**WORK REQUEST**.
What is needed is an exact copy of the records, with the images left out.
(TASK MATERIAL Opens)
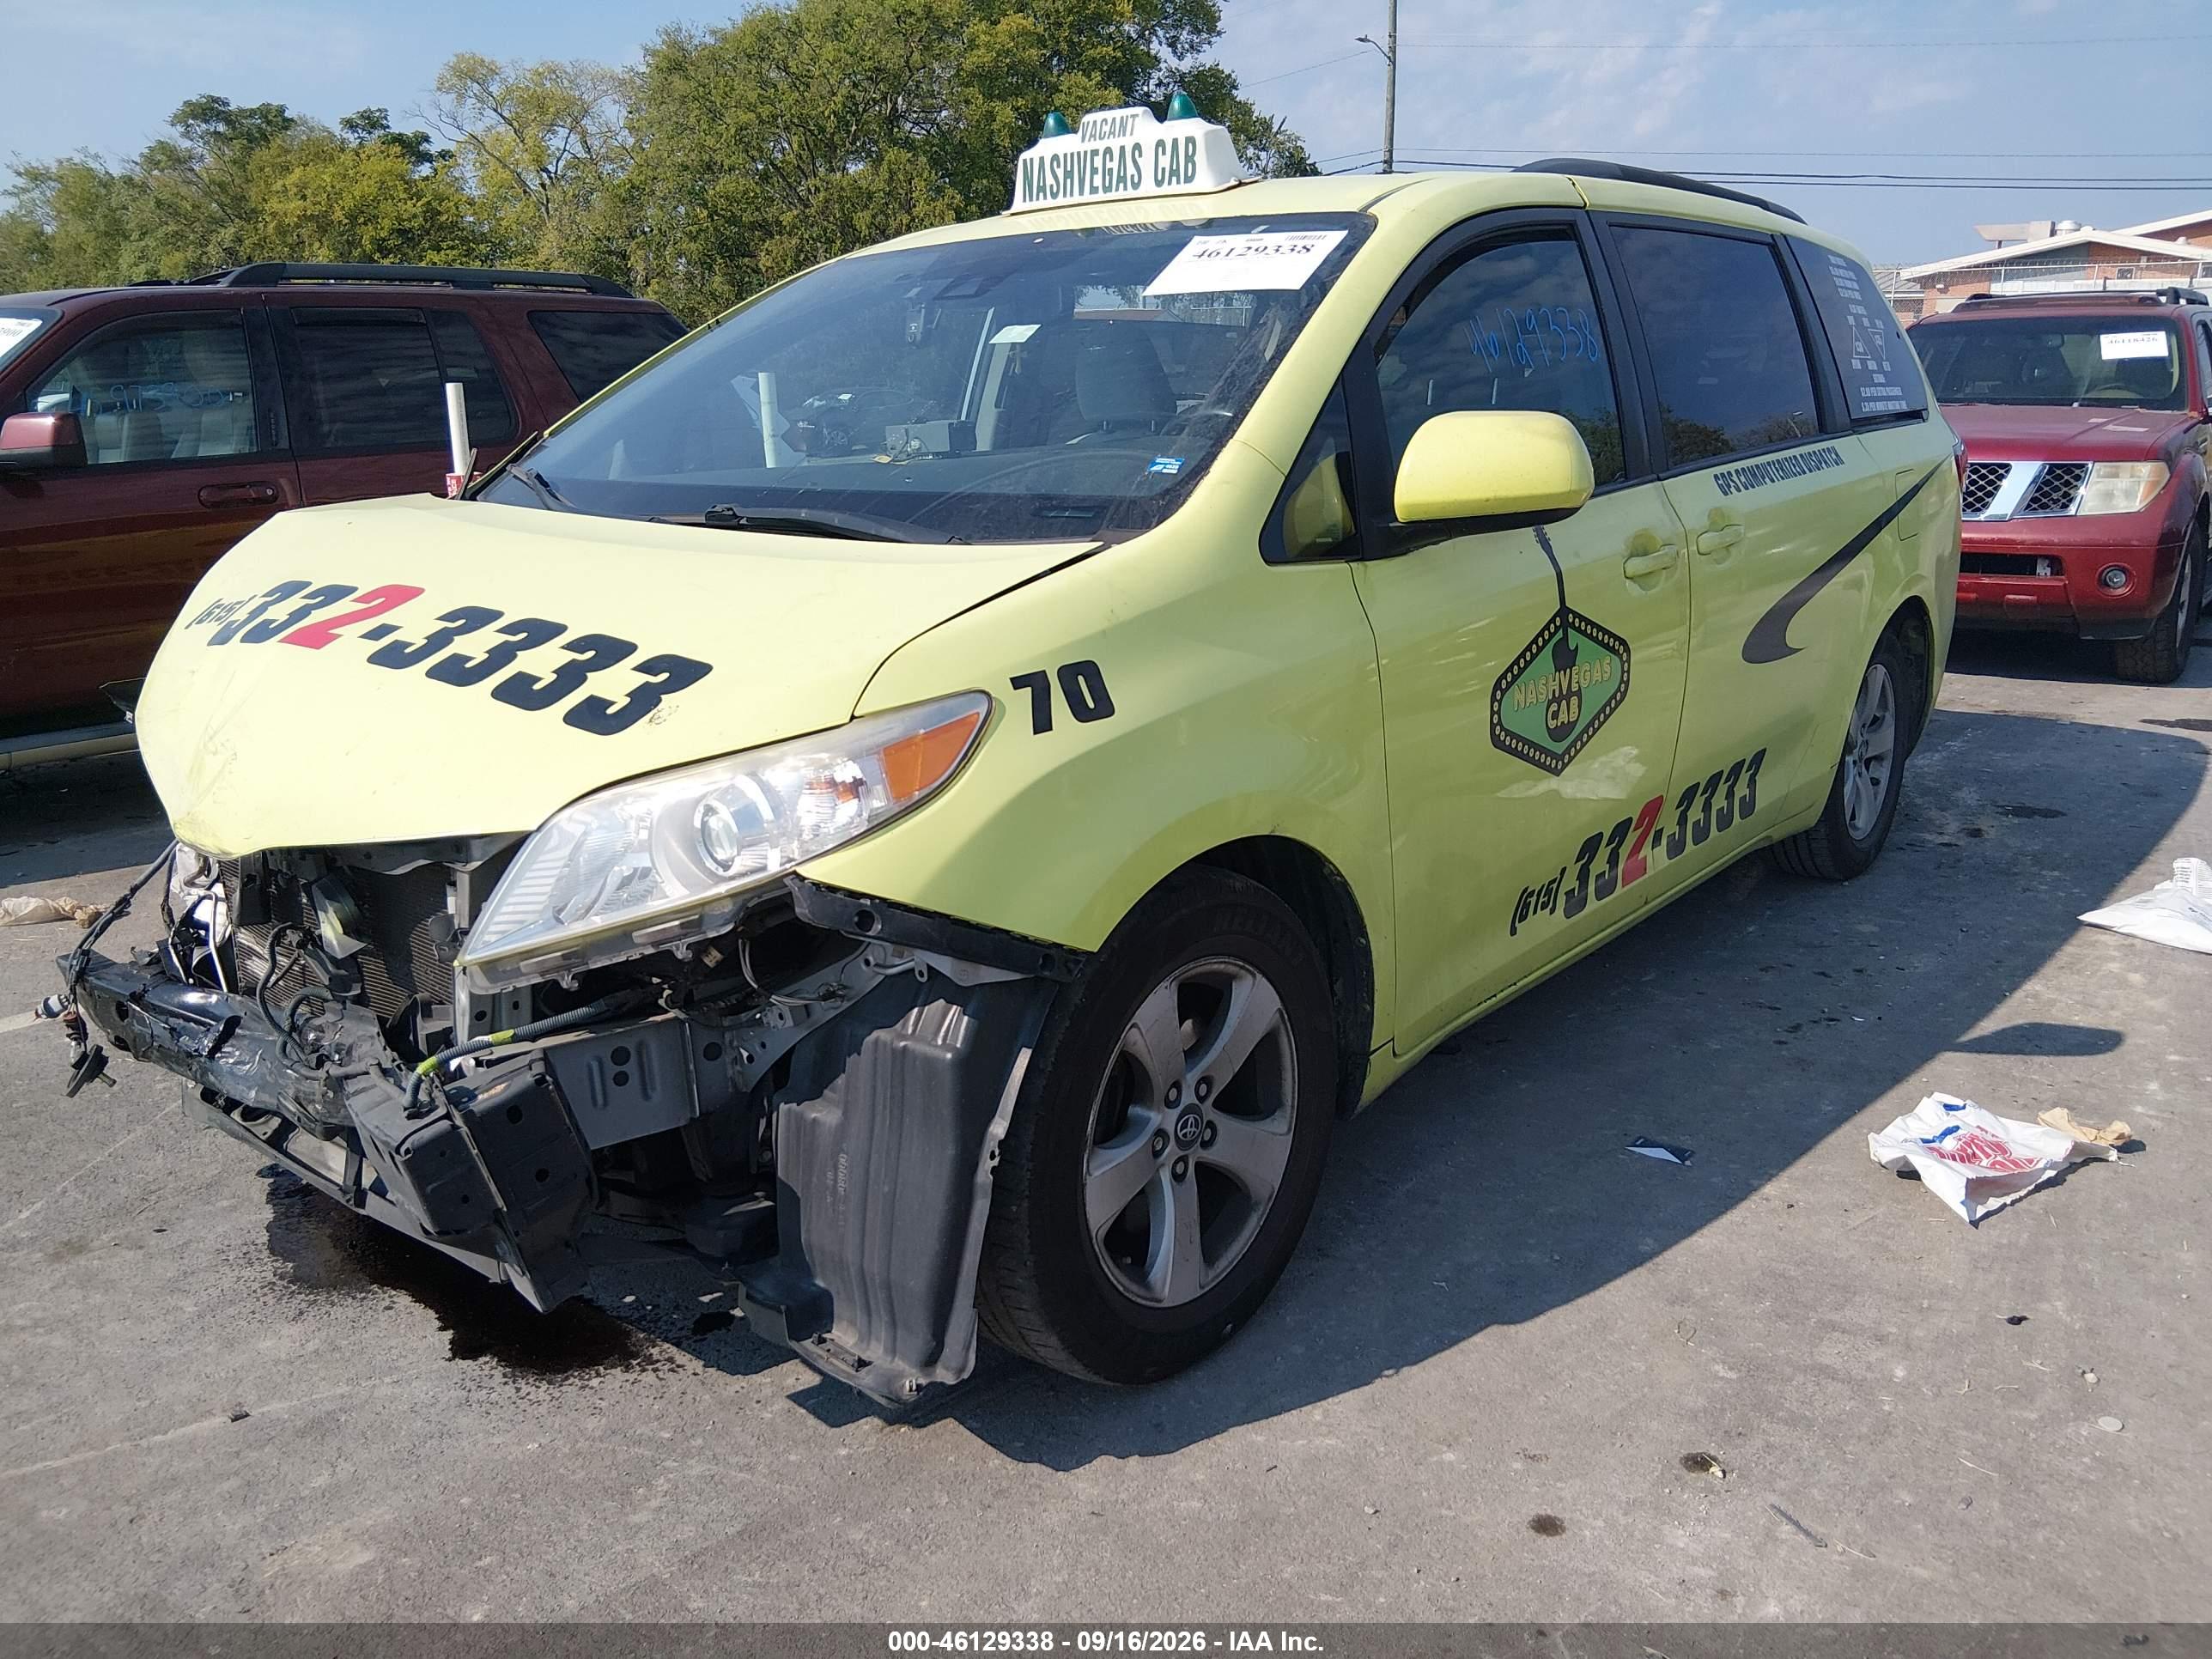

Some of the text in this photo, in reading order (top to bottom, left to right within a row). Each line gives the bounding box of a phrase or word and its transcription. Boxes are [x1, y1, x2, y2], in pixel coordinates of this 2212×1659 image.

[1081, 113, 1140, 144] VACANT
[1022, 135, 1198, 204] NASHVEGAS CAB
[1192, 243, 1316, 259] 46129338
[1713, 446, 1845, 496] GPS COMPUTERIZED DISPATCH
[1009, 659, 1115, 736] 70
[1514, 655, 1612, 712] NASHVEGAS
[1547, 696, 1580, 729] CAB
(TASK MATERIAL Closes)
**EXERCISE OUTPUT**.
Some of the text in this photo, in reading order (top to bottom, left to right within a row). Each line gives the bounding box of a phrase or word and its transcription. Boxes are [x1, y1, x2, y2], in pixel coordinates of this 2212×1659 image.

[1081, 113, 1140, 144] VACANT
[1022, 135, 1198, 204] NASHVEGAS CAB
[1192, 243, 1316, 259] 46129338
[1713, 446, 1845, 496] GPS COMPUTERIZED DISPATCH
[1009, 659, 1115, 736] 70
[1514, 655, 1612, 712] NASHVEGAS
[1547, 696, 1580, 729] CAB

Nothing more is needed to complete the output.